### What is being asked
Nothing in the copy should be a picture; everything else in the listing is to be restated exactly.
-*-*-
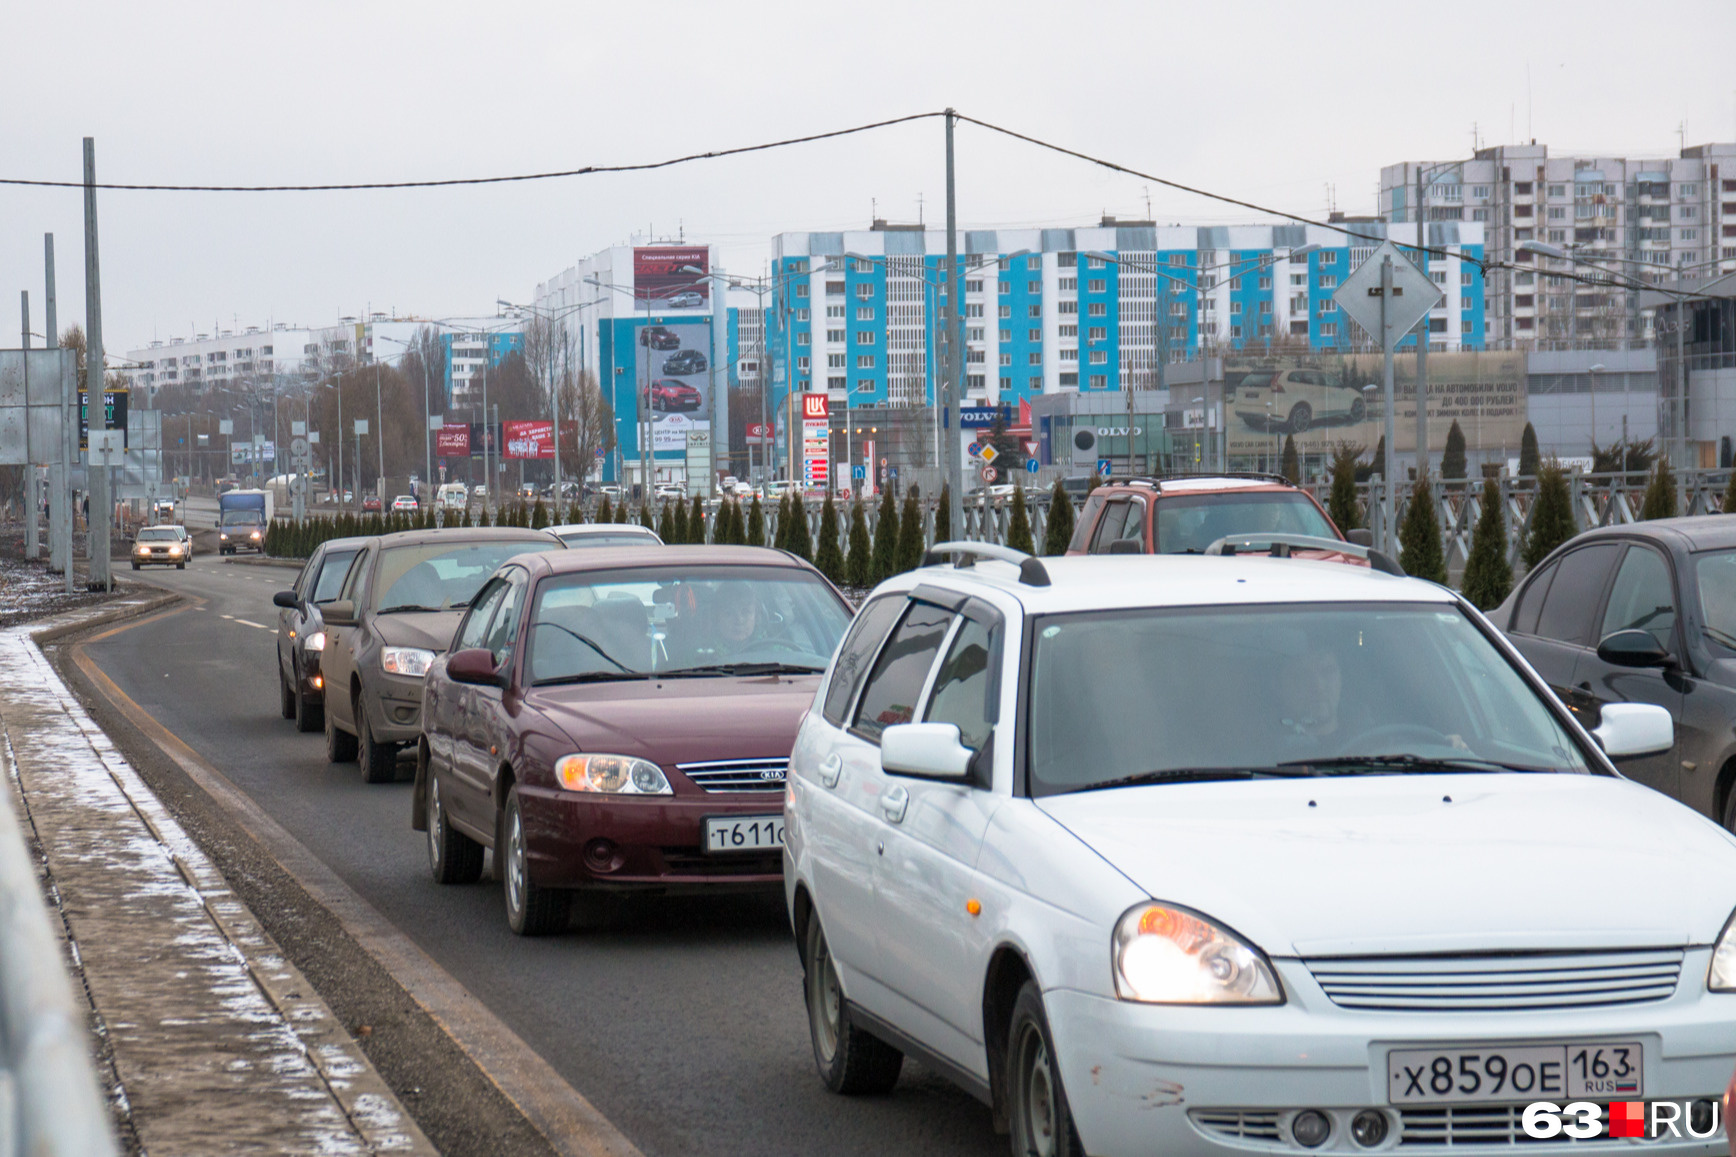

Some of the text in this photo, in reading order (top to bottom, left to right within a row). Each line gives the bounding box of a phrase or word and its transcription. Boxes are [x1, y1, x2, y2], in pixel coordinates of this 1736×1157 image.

[1435, 385, 1445, 393] НА
[1446, 383, 1494, 393] АВТОМОБИЛИ
[1496, 382, 1518, 392] VOLVO
[1442, 397, 1453, 407] ДО
[763, 771, 782, 781] KIA
[1572, 1048, 1631, 1080] 163
[1584, 1079, 1615, 1093] RUS
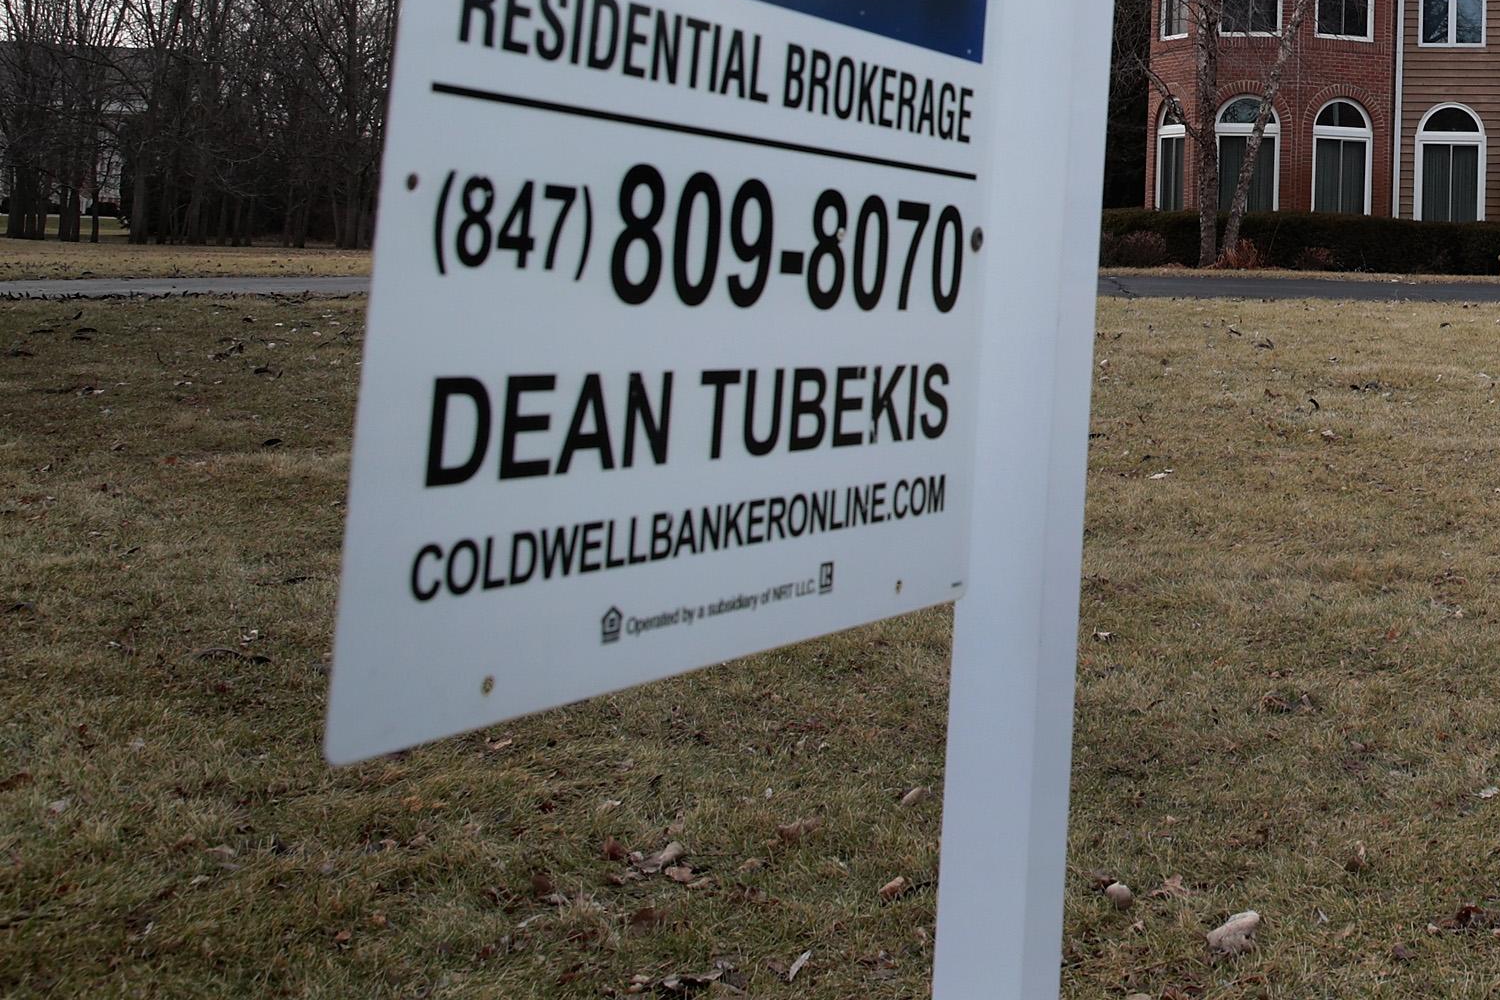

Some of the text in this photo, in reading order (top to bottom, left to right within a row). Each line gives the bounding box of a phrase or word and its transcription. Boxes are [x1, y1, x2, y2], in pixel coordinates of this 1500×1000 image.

[783, 44, 974, 144] BROKERAGE
[435, 164, 963, 313] (847) 809-8070
[425, 362, 950, 487] DEAN TUBEKIS
[412, 475, 945, 601] COLDWELLBANKERONLINE.COM
[626, 609, 679, 636] Operated
[681, 606, 695, 625] by
[697, 605, 704, 619] a
[707, 594, 757, 617] subsidiary
[761, 587, 771, 605] of
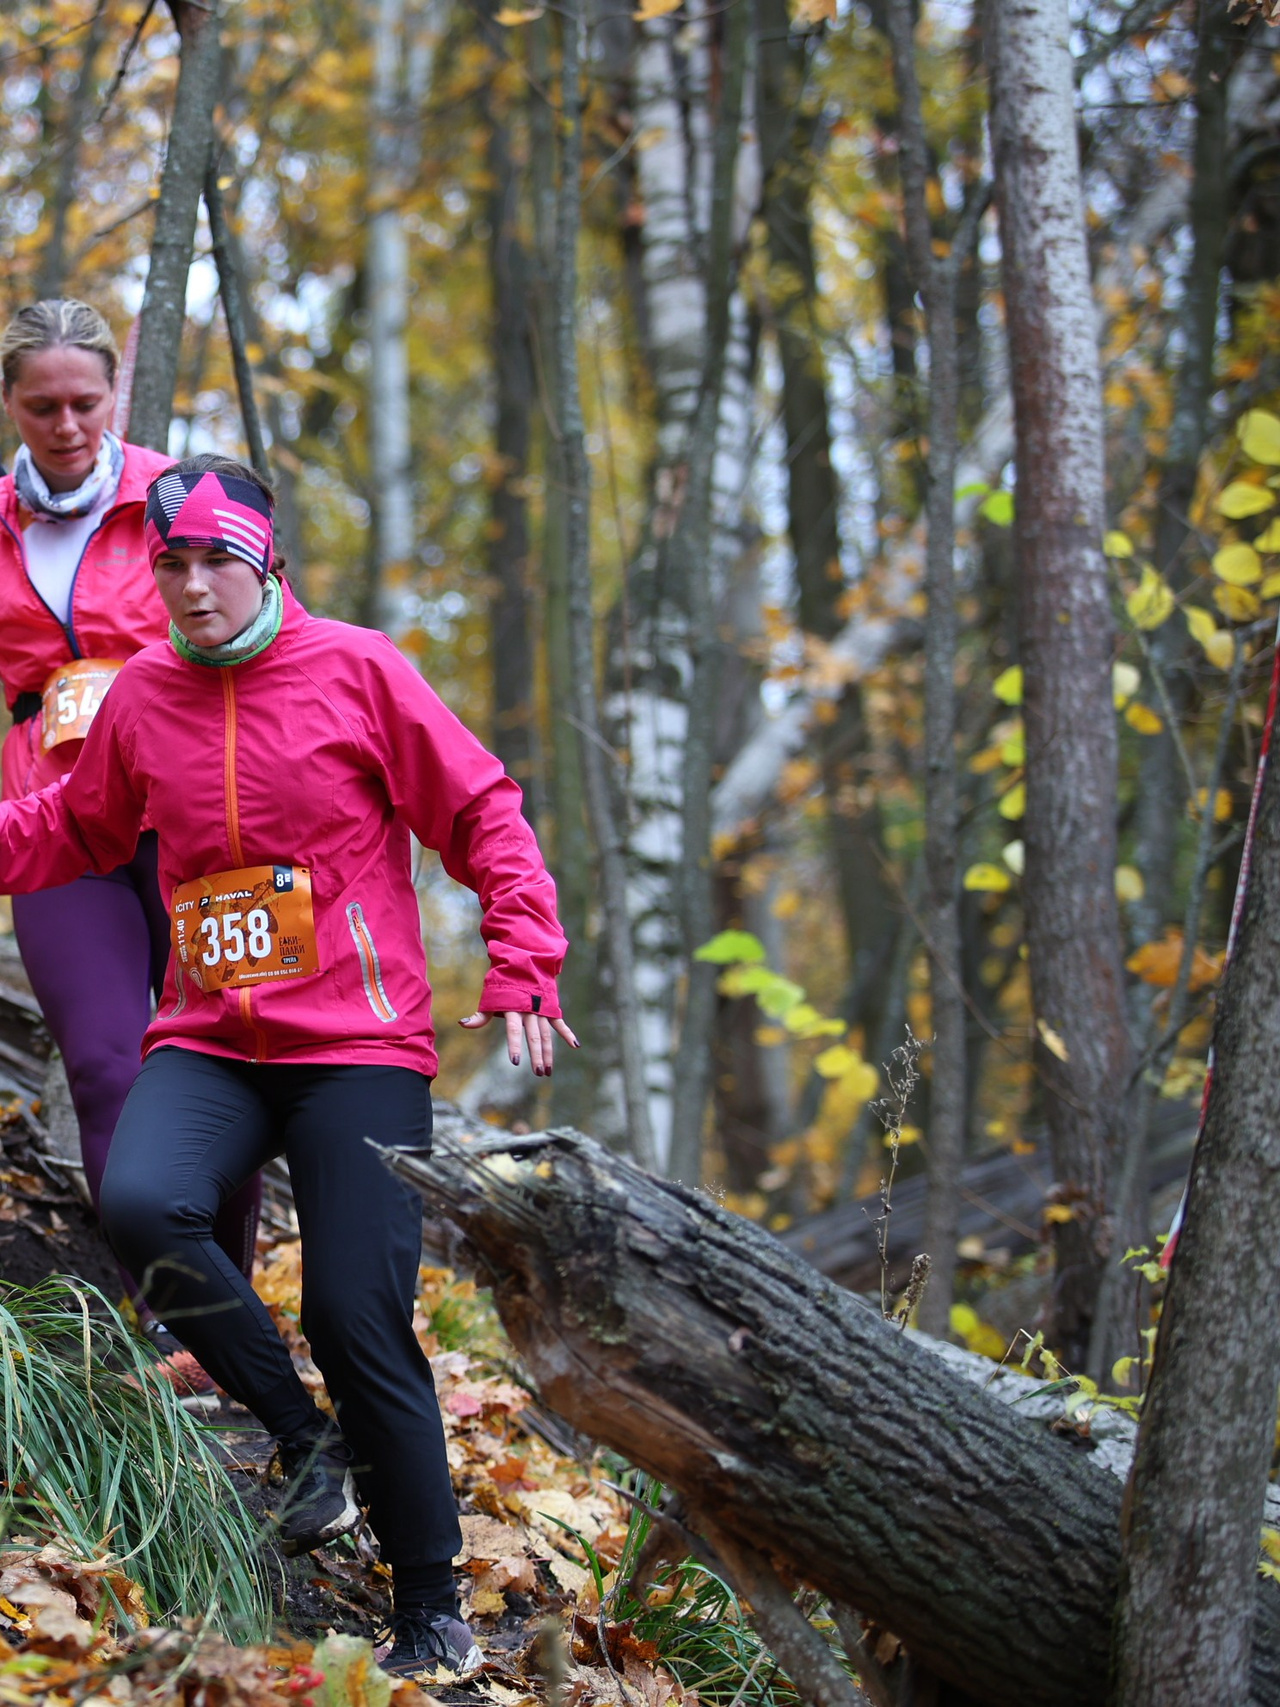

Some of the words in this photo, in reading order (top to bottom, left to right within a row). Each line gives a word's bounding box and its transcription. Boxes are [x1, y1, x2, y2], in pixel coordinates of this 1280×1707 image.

[57, 683, 111, 725] 54
[276, 873, 285, 887] 8
[175, 900, 195, 914] ICITY
[215, 890, 253, 902] HAVAL
[176, 919, 186, 946] 11:40
[200, 908, 272, 967] 358
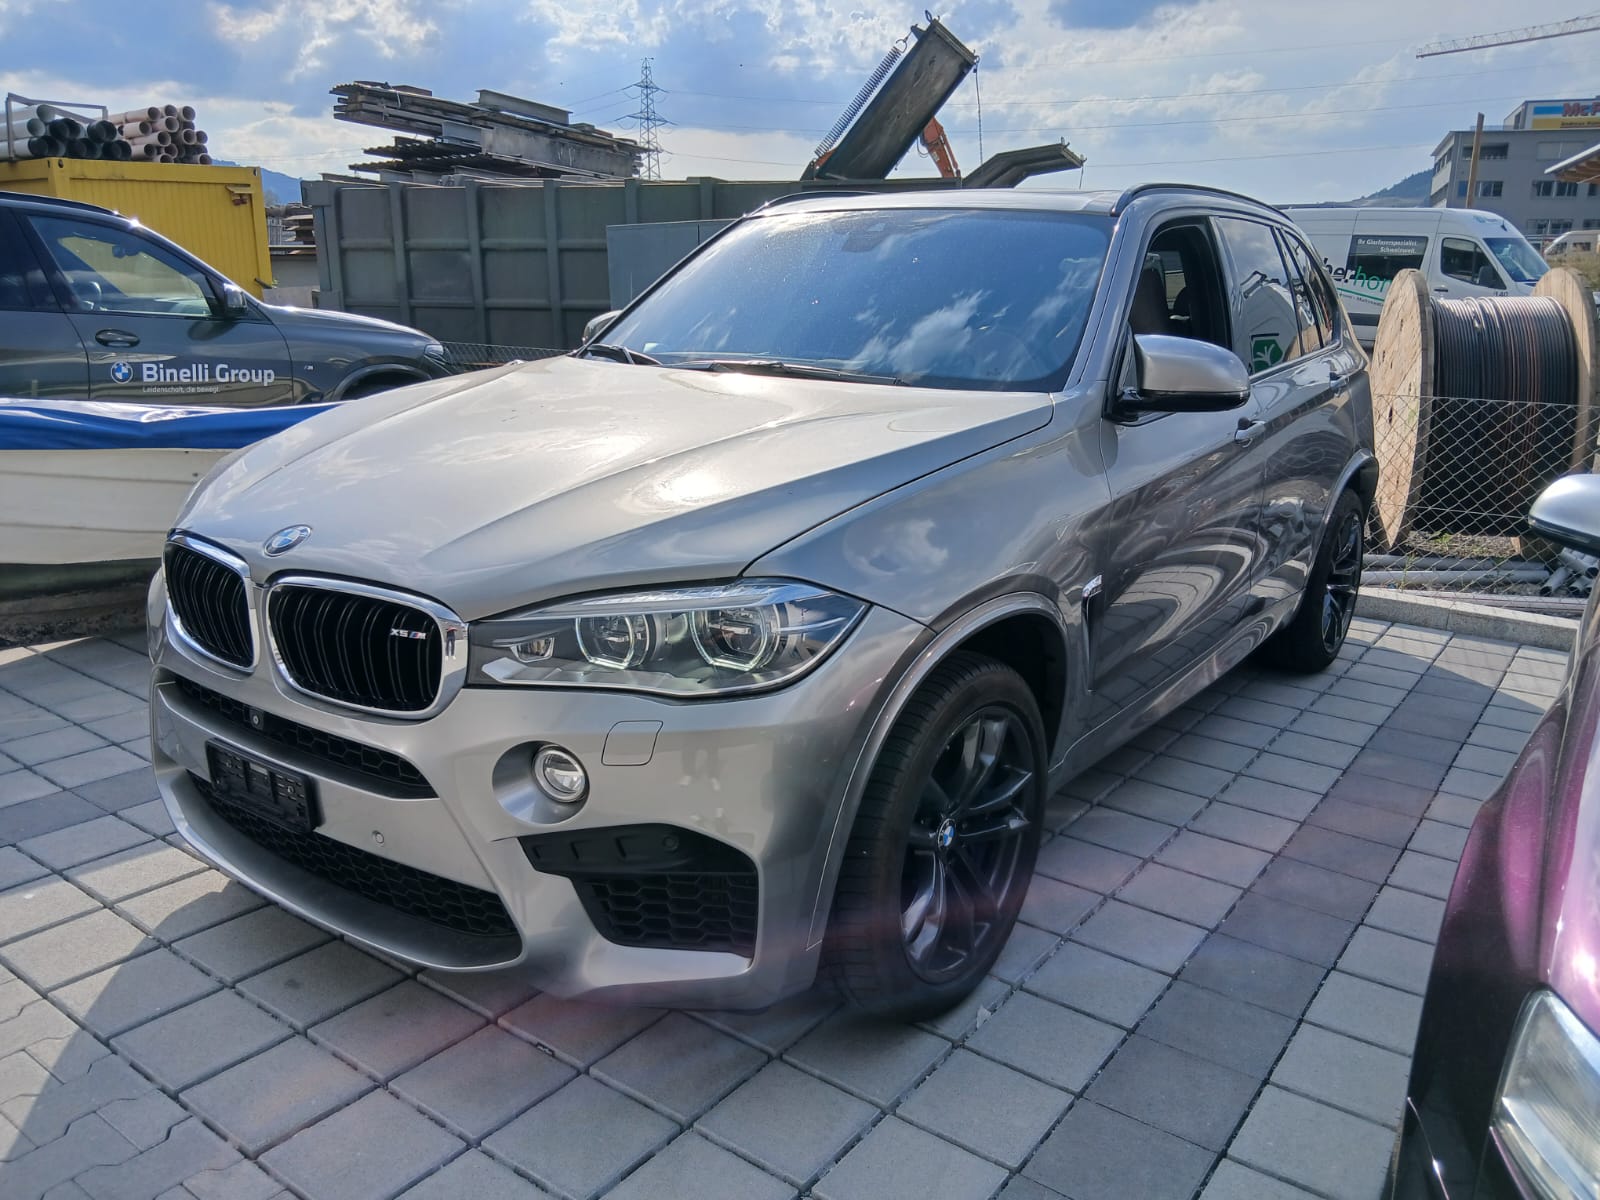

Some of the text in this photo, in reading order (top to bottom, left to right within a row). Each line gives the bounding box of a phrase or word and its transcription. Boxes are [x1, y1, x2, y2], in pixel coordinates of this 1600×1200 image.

[142, 363, 275, 387] Binelli Group
[390, 628, 409, 638] X5
-*-*-
### Solved exercise
Some of the text in this photo, in reading order (top to bottom, left to right within a row). Each line gives the bounding box of a phrase or word and its transcription. Boxes are [x1, y1, x2, y2], in pixel coordinates of this 1736×1157 image.

[1435, 385, 1445, 393] НА
[1446, 383, 1494, 393] АВТОМОБИЛИ
[1496, 382, 1518, 392] VOLVO
[1442, 397, 1453, 407] ДО
[763, 771, 782, 781] KIA
[1572, 1048, 1631, 1080] 163
[1584, 1079, 1615, 1093] RUS

Some of the text in this photo, in reading order (top to bottom, left to right within a row). Each line gives the bounding box of a phrase or word and its transcription. Boxes are [x1, y1, x2, y2], in pixel coordinates of this 1500×1000 image.

[783, 44, 974, 144] BROKERAGE
[435, 164, 963, 313] (847) 809-8070
[425, 362, 950, 487] DEAN TUBEKIS
[412, 475, 945, 601] COLDWELLBANKERONLINE.COM
[626, 609, 679, 636] Operated
[681, 606, 695, 625] by
[697, 605, 704, 619] a
[707, 594, 757, 617] subsidiary
[761, 587, 771, 605] of

Some of the words in this photo, in reading order (top to bottom, left to right within a row). Each line gives a word's bounding box and its transcription. Boxes are [x1, y1, x2, y2], in pixel coordinates of this 1280×1707 image.

[57, 683, 111, 725] 54
[276, 873, 285, 887] 8
[175, 900, 195, 914] ICITY
[215, 890, 253, 902] HAVAL
[176, 919, 186, 946] 11:40
[200, 908, 272, 967] 358

Some of the text in this photo, in reading order (top to bottom, left to right within a row). Each line gives the bounding box of a phrase or word and its transcription. Boxes are [x1, y1, x2, y2], in pixel coordinates of this 1600×1200 image.

[142, 363, 275, 387] Binelli Group
[390, 628, 409, 638] X5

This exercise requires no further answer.